A code of ethics for nature appreciation and photography in Singapore

The Nature Society (Singapore) is looking at developing a Singapore Code of Ethics for nature appreciation and photography. They would like to hear what issues you feel should be addressed in this Code: email your thoughts to Vinayagan Dharmarajah, Legal Adviser to NSS persianleopard@hotmail.com
This was outlined in their latest newsletter Nature News Mar-Apr 09.

Timothy Pwee also describes some disturbing photographer behaviour in his article "Questionable Nature Etiquette".
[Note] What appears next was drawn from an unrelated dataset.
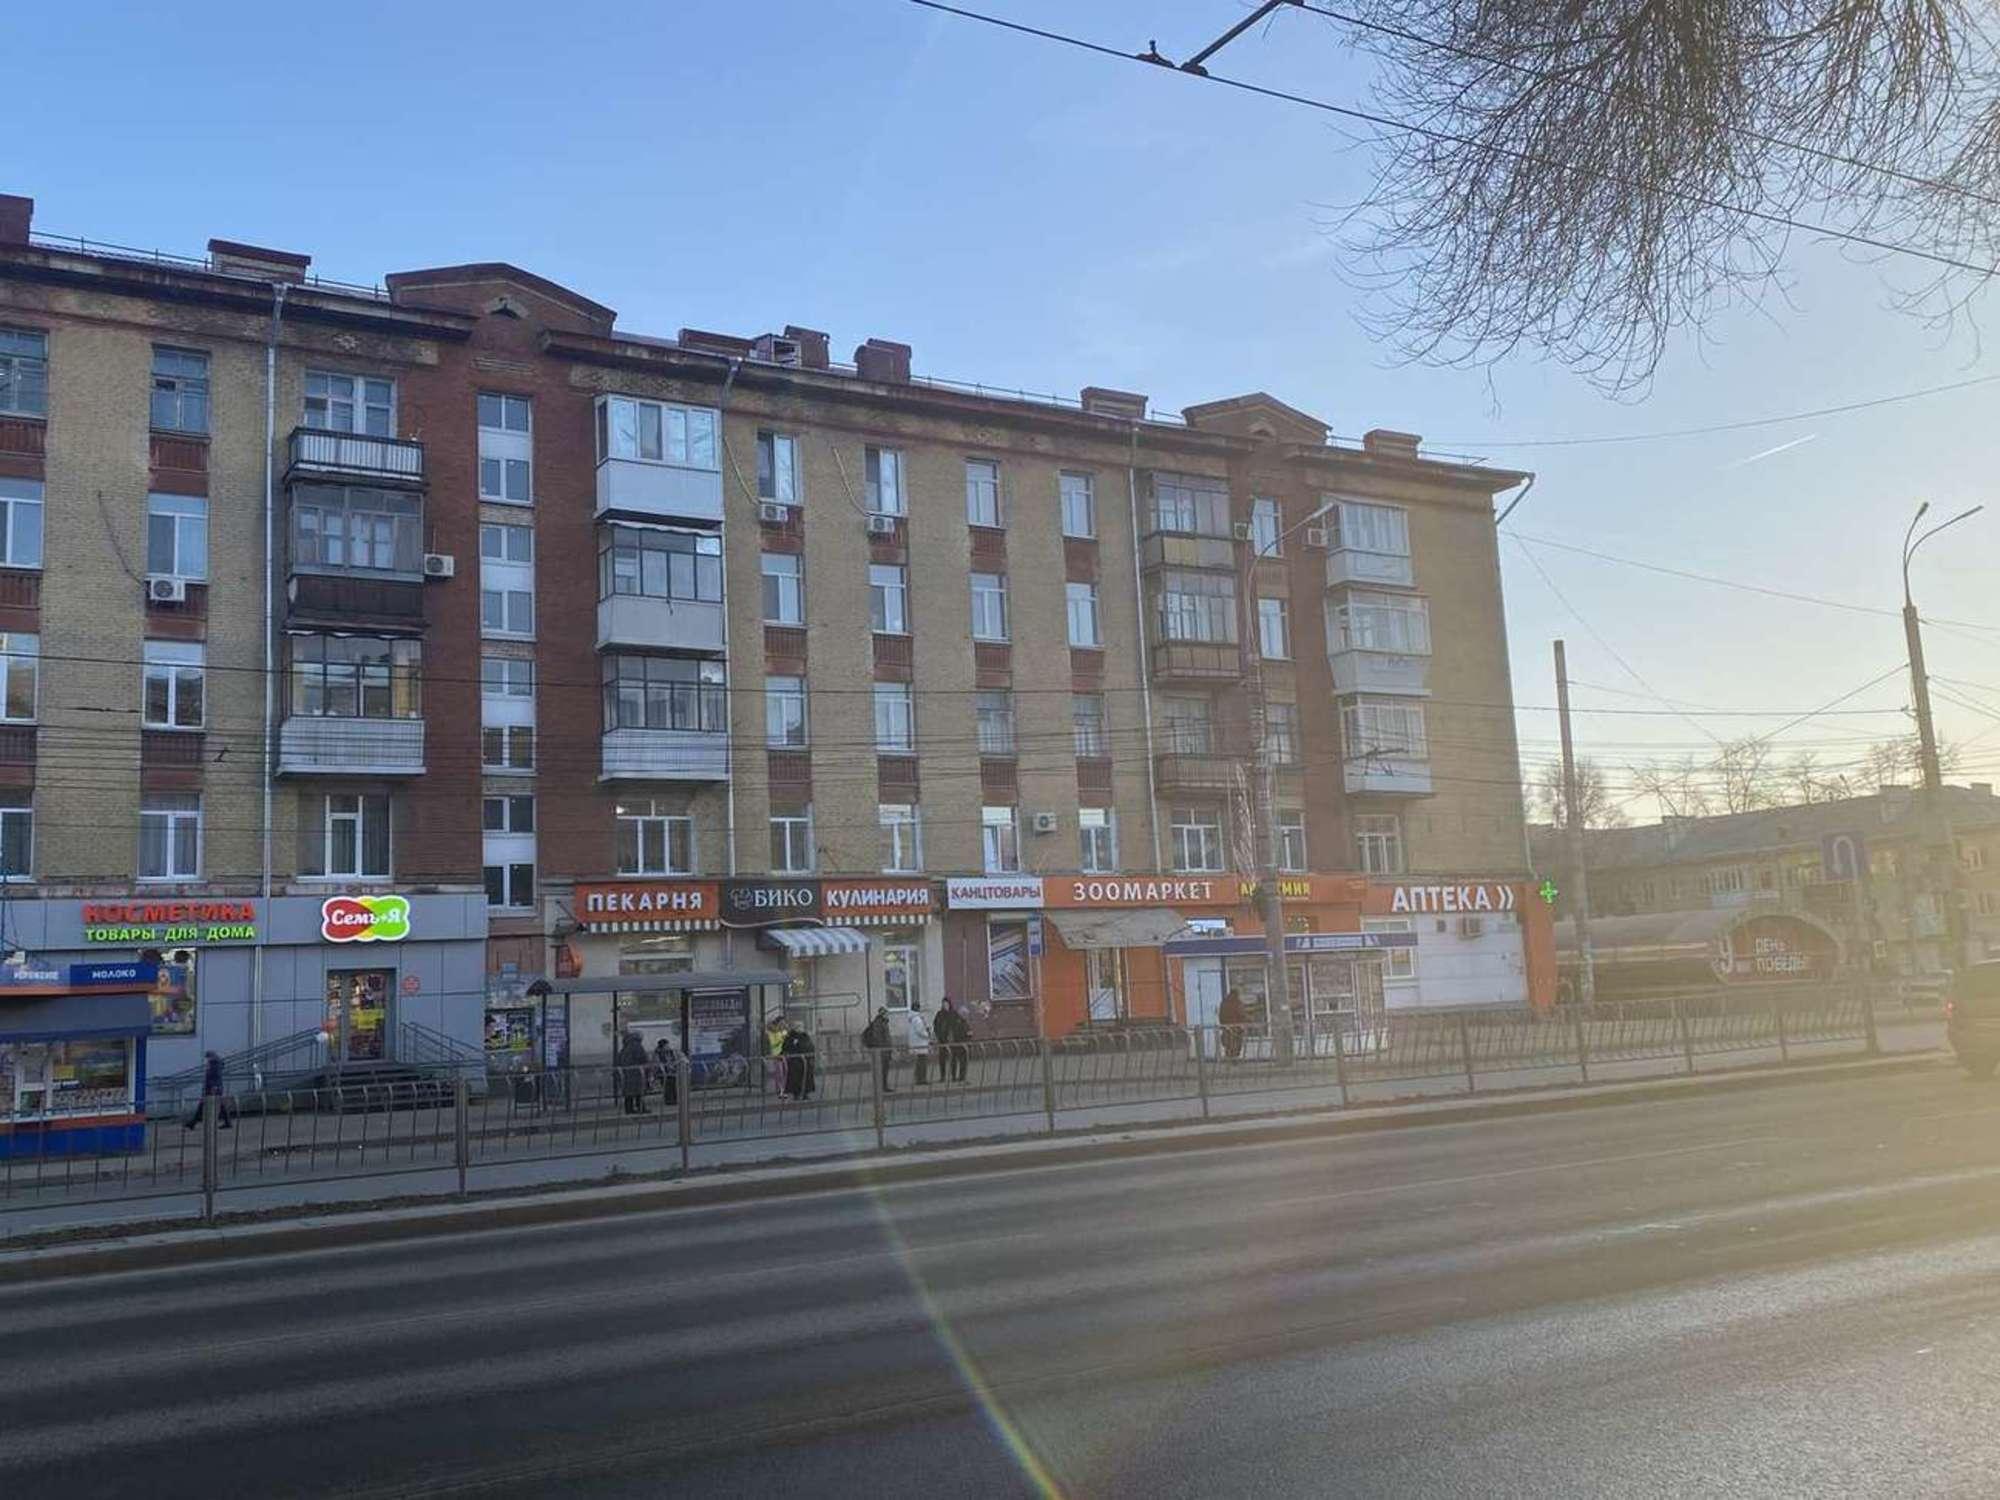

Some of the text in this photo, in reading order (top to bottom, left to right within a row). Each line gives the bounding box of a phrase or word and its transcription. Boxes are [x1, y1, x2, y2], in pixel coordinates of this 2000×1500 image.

For example, how he was at MacRitchie Reservoir and "came across an artillery firing line of heavy cameras with owners casually gossiping. Suddenly, silence. All attention became riveted on a spot along the riverbank's foliage - the rare Black-backed Kingfisher (Ceyx erithacus) had finally shown up! A dozen mounted flashes lit up in synchrony, blinding the bird in a staccato of free fire. The barrage of light continued on and on." After discussing the issue, he notes that "The welfare of the subject is more important than the photograph or the sighting."

While Marcus Ng describes "An Eyewitness Account of Unethical Behaviour". A longer version of the account was earlier carried on the Bird Ecology Study Group blog.

A Code of Ethics will be good and I hope it can be extended to our shores and marine life as well. Stress (and death) by photographers and visitors is not only confined to birds and terrestrial habitats. Unlike birds, marine life can't run away or cry out. So we are often oblivious to the distress and death we may be causing when we visit the shores.

Also in this issue, Vice-President Dr Shawn Lum in his Thoughts from the NSS President "Protecting Biodiversity while Resuscitating the Economy" asks for views on how the Nature Society can reach beyond the narrow confines of nature enthusiasts and environmental champions to make others realise the many benefits that Nature provides. How can we bring others to feel that protecting natural habitats and biodiversity both at home and abroad is not only a good thing, but is the right thing to do (and worth doing now)?

For more details, download the Nature News Mar-Apr 09 issue (PDF file)

1 comment:

  1. I totally agree with you. I once photograph orangutan with a group of photographers. They ignored the warning of ranger, and came too close to stress the orangutan, some even used flash and some even made funny requests such as asking the "monkey to climb the tree."